Anchored Answers: Unravelling Positional Bias in GPT-2's Multiple-Choice Questions (2405.03205v2)

Published 6 May 2024 in cs.CL, cs.AI, and cs.LG

Abstract: LLMs, such as the GPT-4 and LLaMA families, have demonstrated considerable success across diverse tasks, including multiple-choice questions (MCQs). However, these models exhibit a positional bias, particularly an even worse anchored bias in the GPT-2 family, where they consistently favour the first choice 'A' in MCQs during inference. This anchored bias challenges the integrity of GPT-2's decision-making process, as it skews performance based on the position rather than the content of the choices in MCQs. In this study, we utilise the mechanistic interpretability approach to identify the internal modules within GPT-2 models responsible for this bias. We focus on the Multi-Layer Perceptron (MLP) layers and attention heads, using the "logit lens" method to trace and modify the specific value vectors that contribute to the bias. By updating these vectors within MLP and recalibrating attention patterns to neutralise the preference for the first choice 'A', we effectively mitigate the anchored bias. Our interventions not only mitigate the bias but also improve the overall MCQ prediction accuracy for the GPT-2 family across various datasets. This work represents the first comprehensive mechanistic analysis of anchored bias in MCQs within the GPT-2 models, introducing targeted, minimal-intervention strategies that significantly enhance GPT2 model robustness and accuracy in MCQs. Our code is available at https://github.com/ruizheliUOA/Anchored_Bias_GPT2.

PDF Abstract

Anchored Answers: Unravelling Positional Bias in GPT-2's Multiple-Choice Questions

The paper "Anchored Answers: Unravelling Positional Bias in GPT-2's Multiple-Choice Questions" by Ruizhe Li and Yanjun Gao investigates a critical yet enigmatic issue in the GPT-2 family: anchored bias in multiple-choice questions (MCQs). This bias refers to the model's tendency to prefer the first choice ('A') regardless of the question context, potentially skewing the integrity of its decision-making process.

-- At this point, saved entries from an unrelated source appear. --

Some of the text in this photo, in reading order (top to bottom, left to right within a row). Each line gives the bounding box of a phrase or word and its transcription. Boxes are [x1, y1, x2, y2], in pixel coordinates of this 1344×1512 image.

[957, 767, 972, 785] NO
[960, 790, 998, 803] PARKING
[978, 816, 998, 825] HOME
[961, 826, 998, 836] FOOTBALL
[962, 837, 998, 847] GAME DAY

The authors embark on a mechanistic interpretability paper to dissect the internal workings of GPT-2 models, focusing on the Multi-Layer Perceptron (MLP) layers and attention heads. Utilizing the "logit lens" technique, they trace the bias origins to specific value vectors in the MLP modules, which inherently favour the first-choice option. The paper reveals that anchored bias is not uniformly distributed across all layers but is concentrated in particular layers close to the model's output. For instance, layers such as layer 9 in GPT2-Small and layer 34 in GPT2-Large show significant bias.

To counteract this bias, the authors propose a minimal yet effective intervention strategy. They modify the value vectors associated with the bias by directly updating them to de-emphasize the biased choices. This alteration resulted in a noticeable improvement in MCQ prediction accuracy over multiple datasets, including IOI and ARC, demonstrating the effectiveness of their approach across different settings.

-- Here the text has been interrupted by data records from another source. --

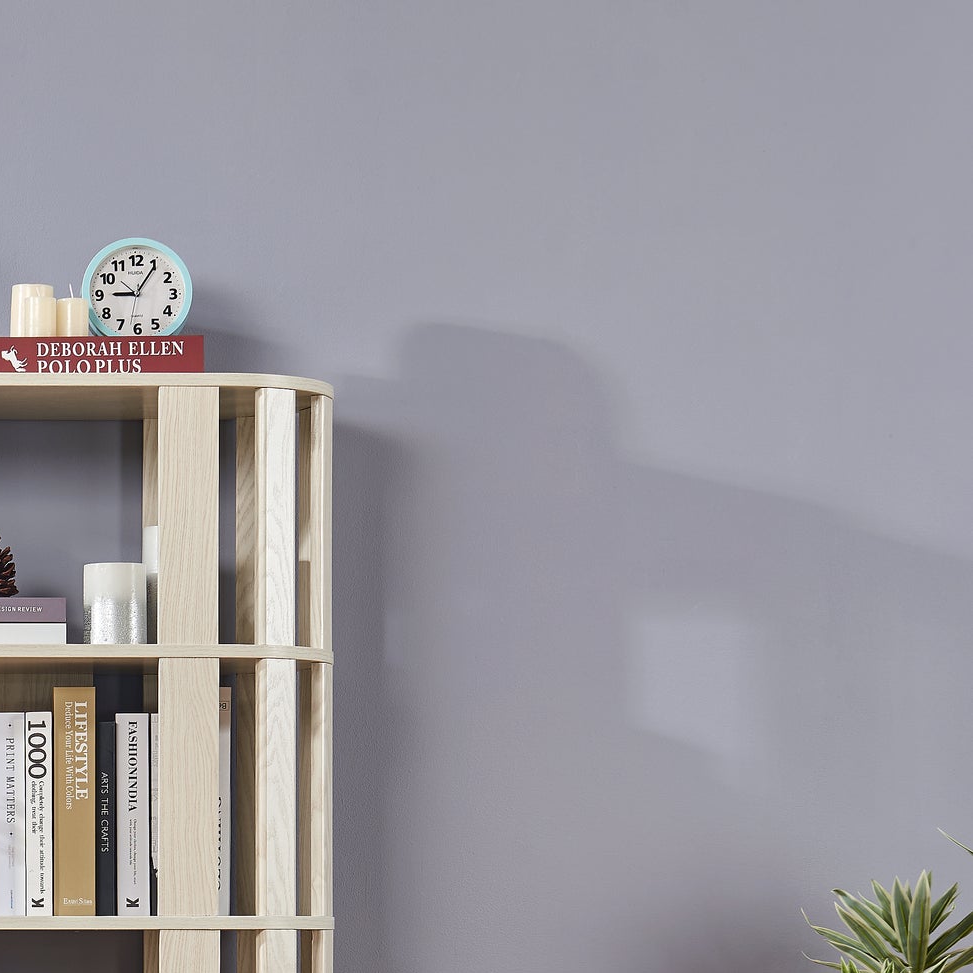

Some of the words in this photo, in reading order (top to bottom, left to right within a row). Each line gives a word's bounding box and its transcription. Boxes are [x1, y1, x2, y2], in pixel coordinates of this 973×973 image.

[111, 259, 125, 272] 11
[128, 254, 144, 267] 12
[150, 259, 156, 270] 1
[100, 272, 116, 285] 10
[163, 272, 172, 284] 2
[94, 289, 104, 302] 9
[169, 288, 178, 300] 3
[102, 307, 111, 320] 8
[162, 304, 173, 317] 4
[116, 318, 125, 330] 7
[133, 323, 142, 335] 6
[151, 318, 160, 330] 5
[36, 342, 121, 358] DEBORAH
[128, 340, 185, 356] ELLEN
[37, 359, 91, 373] POLO
[95, 359, 142, 373] PLUS
[65, 730, 73, 748] Your
[5, 737, 16, 772] PRINT
[27, 720, 48, 780] 1000
[66, 750, 74, 764] Life
[74, 701, 88, 800] LIFESTYLE
[128, 720, 138, 812] FASHIONINDIA
[66, 766, 74, 784] With
[101, 772, 110, 794] ARTS
[6, 776, 16, 824] MATTERS
[37, 780, 45, 812] Completely
[66, 785, 74, 810] Colors
[101, 798, 109, 816] THE
[101, 820, 110, 853] CRAFTS
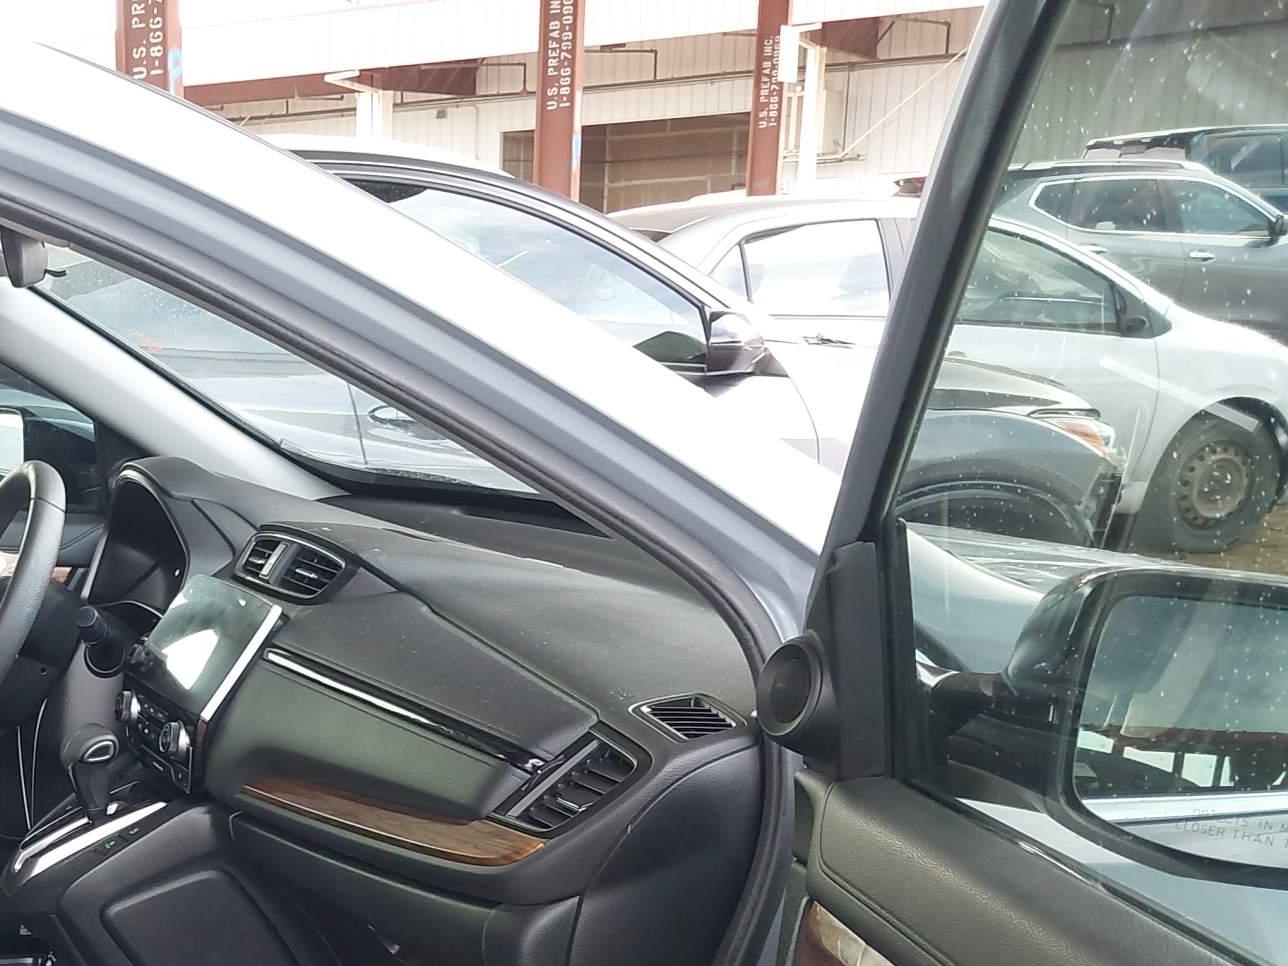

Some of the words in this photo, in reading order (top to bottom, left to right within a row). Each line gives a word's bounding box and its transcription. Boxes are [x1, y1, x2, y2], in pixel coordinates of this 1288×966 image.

Beyond merely addressing performance issues, the paper explores the implications of these findings for future model robustness and integrity of LLM outputs. By identifying and rectifying bias at the internal neuron level rather than the preprocessing stage, this research opens up new avenues for mitigating biases in LLMs without extensive prompt engineering or dataset alterations.

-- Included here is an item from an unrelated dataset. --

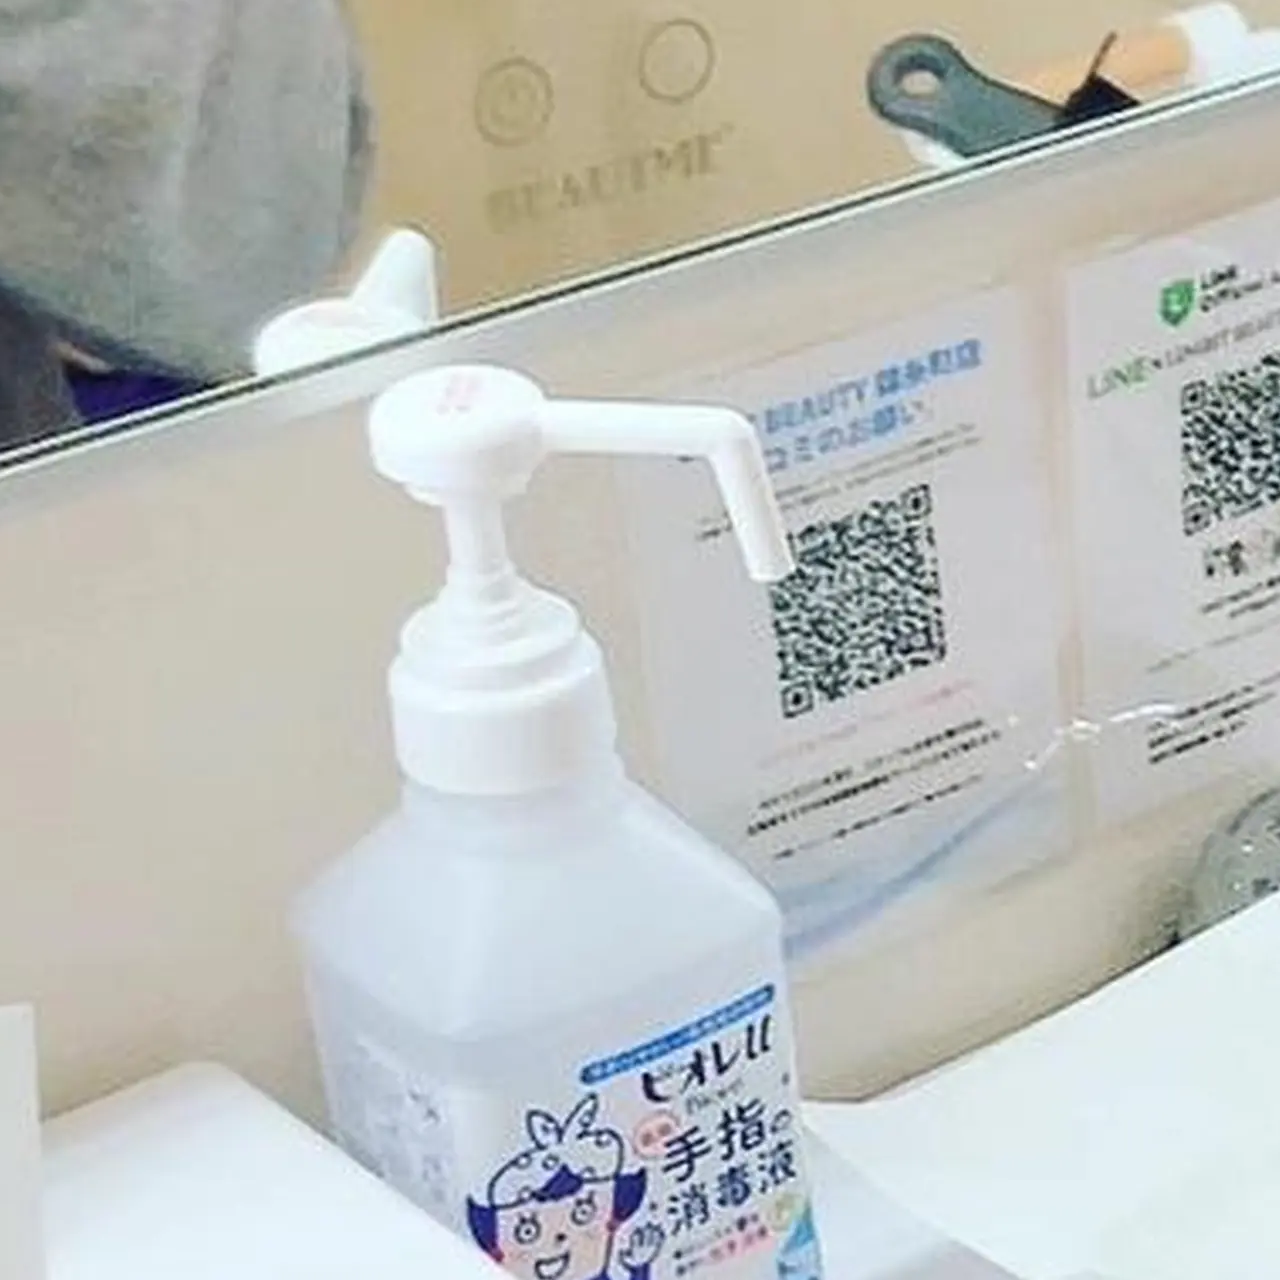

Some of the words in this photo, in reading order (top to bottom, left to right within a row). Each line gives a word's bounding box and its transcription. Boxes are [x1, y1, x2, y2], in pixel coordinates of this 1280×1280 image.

[662, 1096, 794, 1184] 手指の
[668, 1144, 798, 1236] 消毒液

Furthermore, the research speculates on the potential future developments in AI, particularly in enhancing model interpretability and fairness. The authors suggest that further investigations could explore similar biases in other model families or extend these strategies to other tasks involving natural language understanding and generation.

In conclusion, the paper provides a comprehensive analysis of positional bias in GPT-2 models, offering a systematic approach to uncover and mitigate such biases. The implications of this research are significant, laying a foundation for more equitable and bias-free AI technologies in language processing tasks. The findings not only enhance our understanding of model biases but also contribute to the wider discourse on ensuring fairness and accuracy in AI-driven decision-making systems.